Adalet ve Kalkınma Partisi'nin, Abdullah GÜL'ün Başbakanlığında kurulan ilk hükümeti olan 58. Hükümetin Programına göz gezdirdiğimizde; günümüzde çok tartışılan ve güncelliğini hala koruyan bir çok konunun yer aldığı ve sorunların çözümüne yönelik önemli tespitlerin yapıldığı görülmektedir. Söz konusu Programdaki bazı cümleleri; günümüze ışık tutmak, gelinen süreci yorumlamak ve sorunların çözümüne katkı yapabileceği düşüncesiyle hatırlatmak için, aşağıdaki satırlarda siz değerli okurlarla paylaşmak istedim:

'(*) Çalışmalarımızı, başta muhalefet partimiz olmak üzere, toplumun tüm kesimleriyle diyalog ve işbirliği içinde, demokratik ve şeffaf bir ortamda sürdüreceğiz. Çoğulcu bir demokrasi anlayışı ile, hukuka ve insan haklarına saygı temelinde, sayısal üstünlüğün her şey demek olmadığını bilerek, atılacak önemli adımlarda toplumsal mutabakat oluşturmak yönünde azami gayret göstereceğiz.

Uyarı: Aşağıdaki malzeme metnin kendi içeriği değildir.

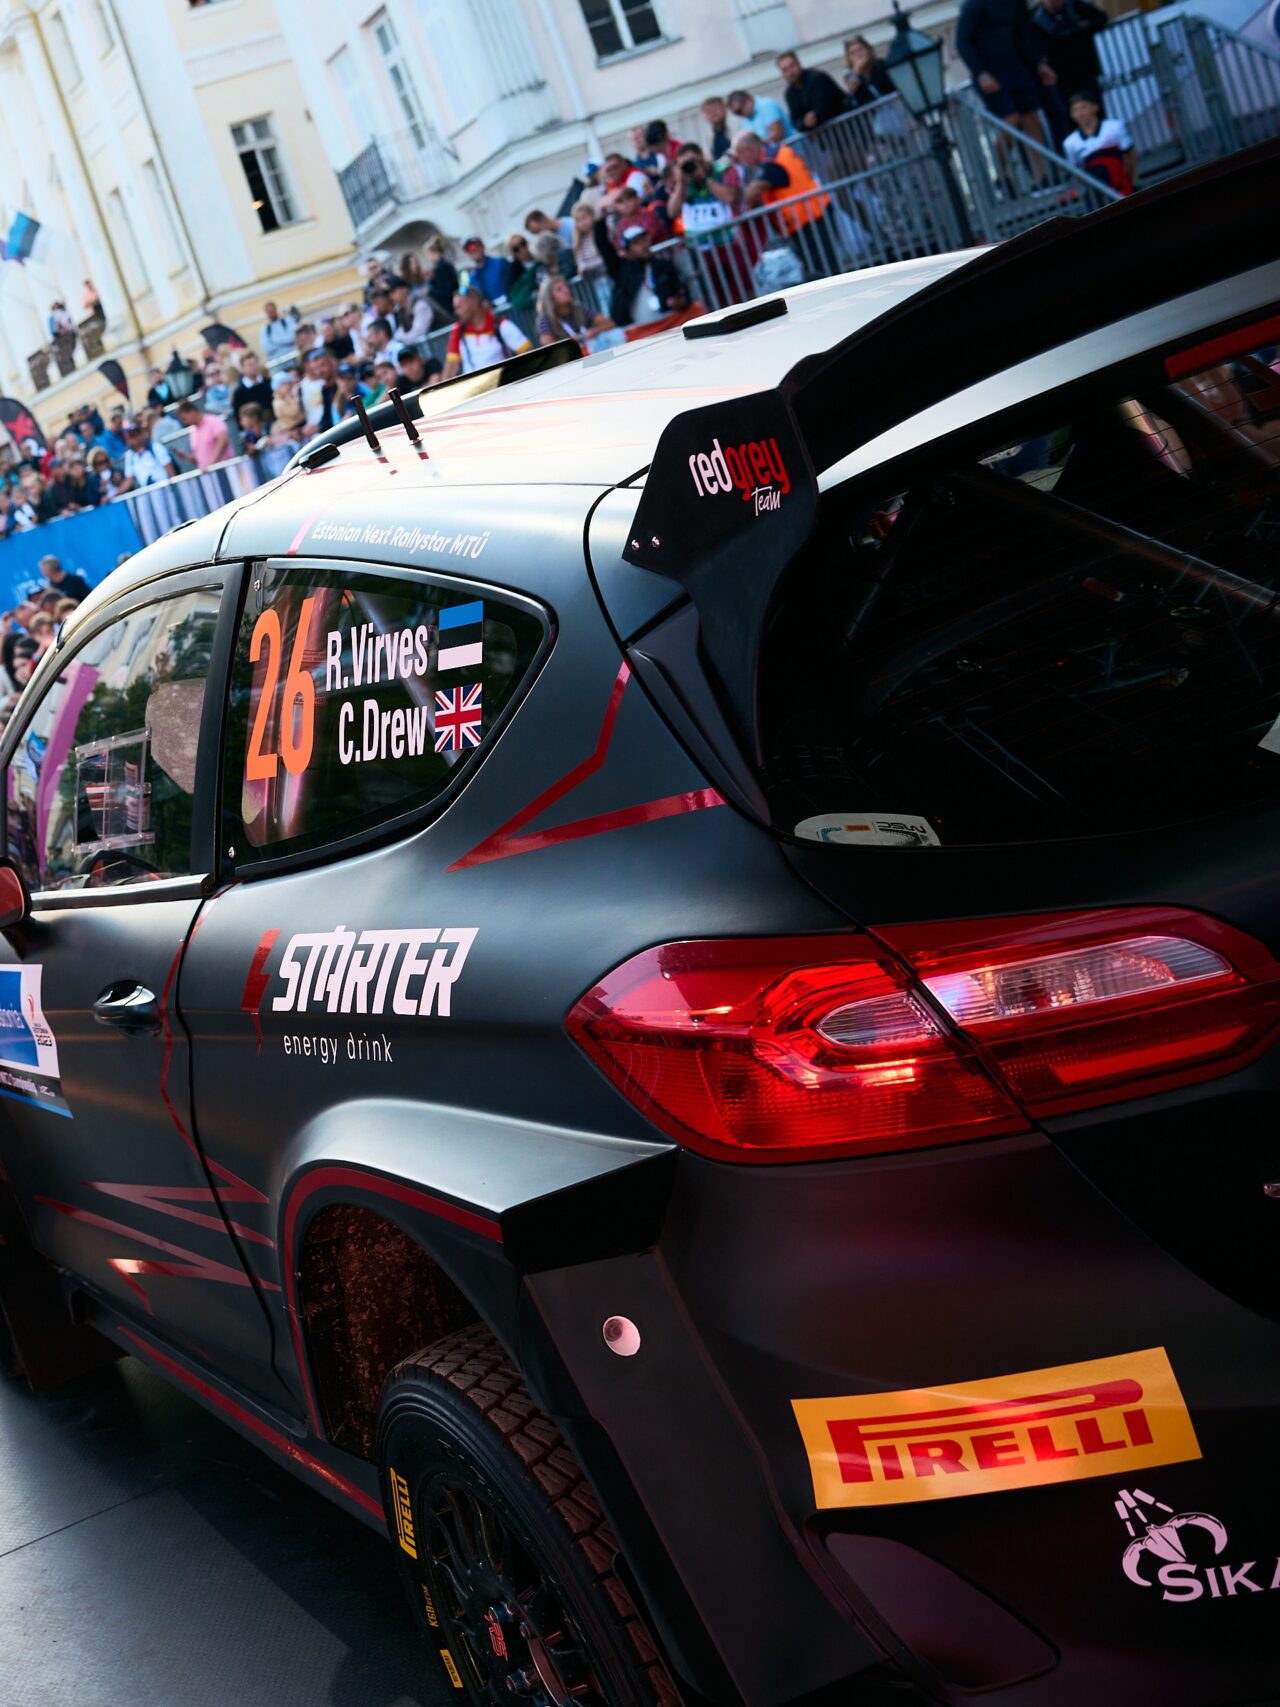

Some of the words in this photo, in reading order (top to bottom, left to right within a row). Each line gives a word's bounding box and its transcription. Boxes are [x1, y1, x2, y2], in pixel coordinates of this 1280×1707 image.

[688, 438, 791, 501] redgrey
[312, 521, 363, 542] Estonian
[360, 524, 392, 546] Next
[390, 526, 452, 554] Rallystar
[449, 530, 491, 559] MTÜ
[246, 597, 316, 782] 26
[325, 622, 428, 691] R.Virves
[339, 699, 427, 765] C.Drew
[272, 925, 479, 1017] STARTER
[283, 1034, 338, 1065] energy
[347, 1032, 393, 1063] drink
[826, 1378, 1154, 1483] PIRELLI
[390, 1467, 417, 1560] PIRELLI

(*) Hükümetimiz; sürdürülebilir kalkınma ortamını yakalamış ve ekonomik refahın nimetlerini adaletle dağıtan, yoksulluk ve yolsuzluğun ortadan kaldırıldığı, insanlarımızın barış ve refah içinde özgürce yaşadığı, çağdaş dünya ile bütünleşmiş, farklılıkların çatışma unsuru olarak değil zenginlik kaynağı olarak görüldüğü, itibarlı, demokratik, dinamik, bir Türkiye Vizyonu'nu hayata geçirecektir.

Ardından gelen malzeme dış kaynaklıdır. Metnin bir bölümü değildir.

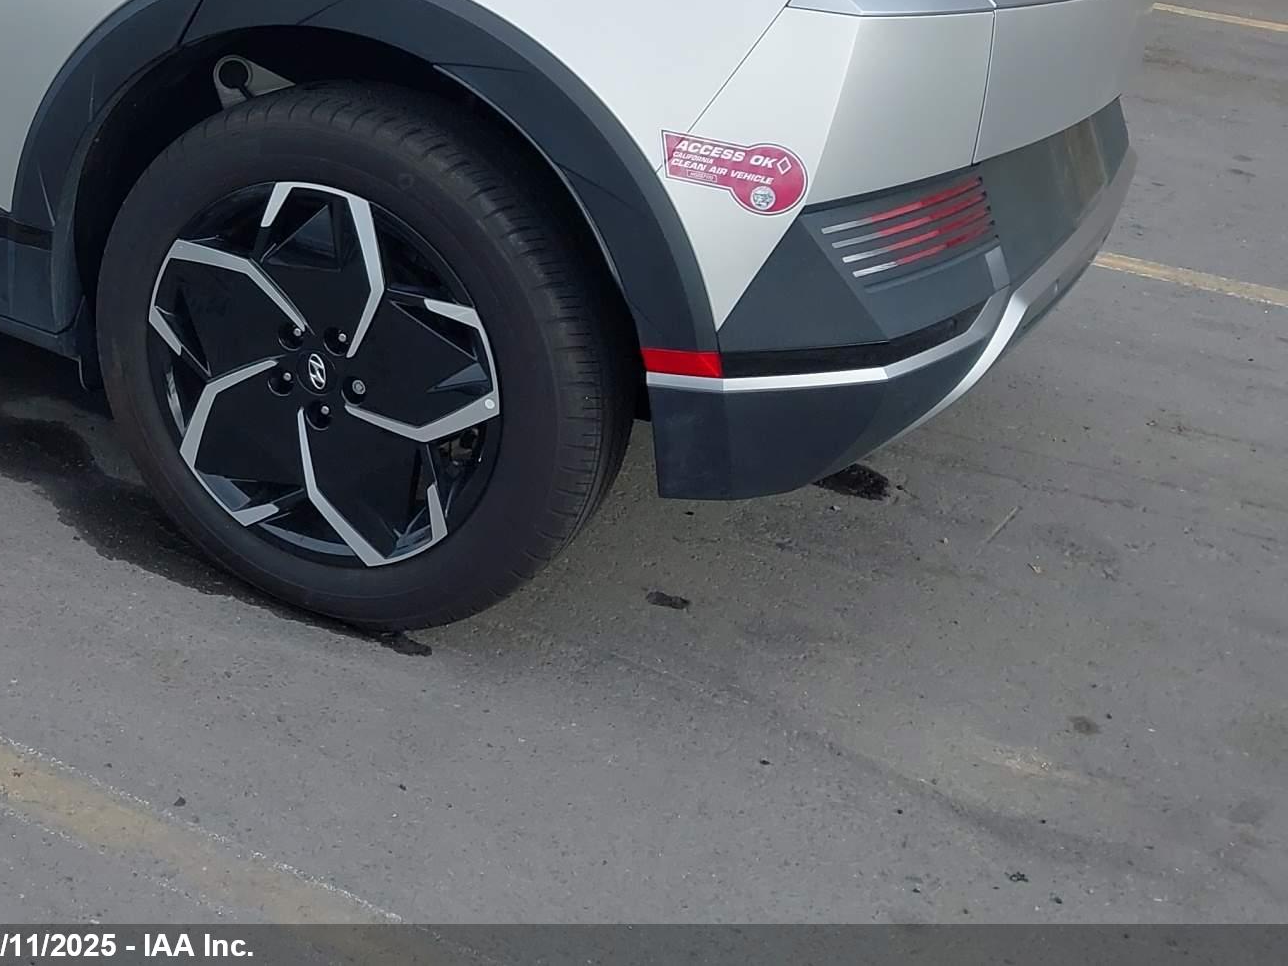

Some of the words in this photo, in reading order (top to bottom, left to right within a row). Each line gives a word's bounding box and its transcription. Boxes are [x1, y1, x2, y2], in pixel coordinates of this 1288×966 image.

[672, 151, 715, 165] CALIFORNIA
[675, 139, 746, 162] ACCESS
[749, 154, 778, 169] OK
[670, 158, 708, 172] CLEAN
[708, 166, 728, 176] AIR
[730, 170, 775, 185] VEHICLE

(*) Demokratik yönetim anlayışımızın hedefi, başta düşünce, inanç, eğitim, örgütlenme ve teşebbüs özgürlüğü olmak üzere, bütün sivil ve siyasi özgürlükleri güvenceye almak ve insanların korku ve endişeden uzak olarak, bireysel gelişimini sürdürebildiği özgür bir ortam sağlamaktır.

(*) Temel hak ve özgürlüklerin, sadece anayasal ve yasal güvenceye alınması ile yetinmeyip, fiilen uygulanması ve siyasal kültürümüzün yerleşik bir boyutu olarak güçlenmesi yönünde çaba sarf edecektir.

(*) Hükümetimiz, tüm sivil toplum örgütlerine eşit mesafede duracak, sivil toplum örgütleri arasında diyalogu ve işbirliğini destekleyecektir.

(*) Hükümetimiz, çoğulcu demokrasi ve rekabetçi piyasa anlayışının bir gereği olarak, modern toplumlarda doğru bilgi edinme ve denetim görevi yürüten medyanın çoğulcu ve rekabetçi bir yapıda gelişmesini savunur. Kamusal bir hizmetin farklı taraflarını oluşturan siyaset ile medya ilişkisi, demokratik değerlere ve hukukun üstünlüğüne dayalı bir diyalog içinde yürütülecektir.

(*) Mevzuatımızdaki pek çok yasakçı hükümler nedeniyle, Ülkemiz hukuk devletinden çok kanun devleti görünümü vermektedir. İktidarımız süresince tüm çalışmalarımız, Ülkemiz hukukunu evrensel hukuk ilkelerine uygun hale getirmek, temel hak ve özgürlükler rejimini evrensel standartlara çıkarmak, Ülkemizi gerçek anlamda bir hukuk devleti yapmak, hukukun üstünlüğünü hakim kılmak ve uluslararası camiada saygın bir yer kazandırmak olacaktır.

(*) Siyasi partileri halka açmak, halkın partiler üzerindeki denetim ve etkinliğini artırmak, parti içi demokrasiyi ve şeffaflığı sağlamak ve istikrarı bozmayacak şekilde temsilde adaleti sağlamak üzere Siyasi Partiler Kanunu ve Seçim Kanunları, tüm kesimlerin üzerinde mutabakatı aranarak değiştirilecektir.

(*) Personel alımında objektif kriterler getirilecek, terfilerde liyakat ve fırsat eşitliği esas alınacaktır.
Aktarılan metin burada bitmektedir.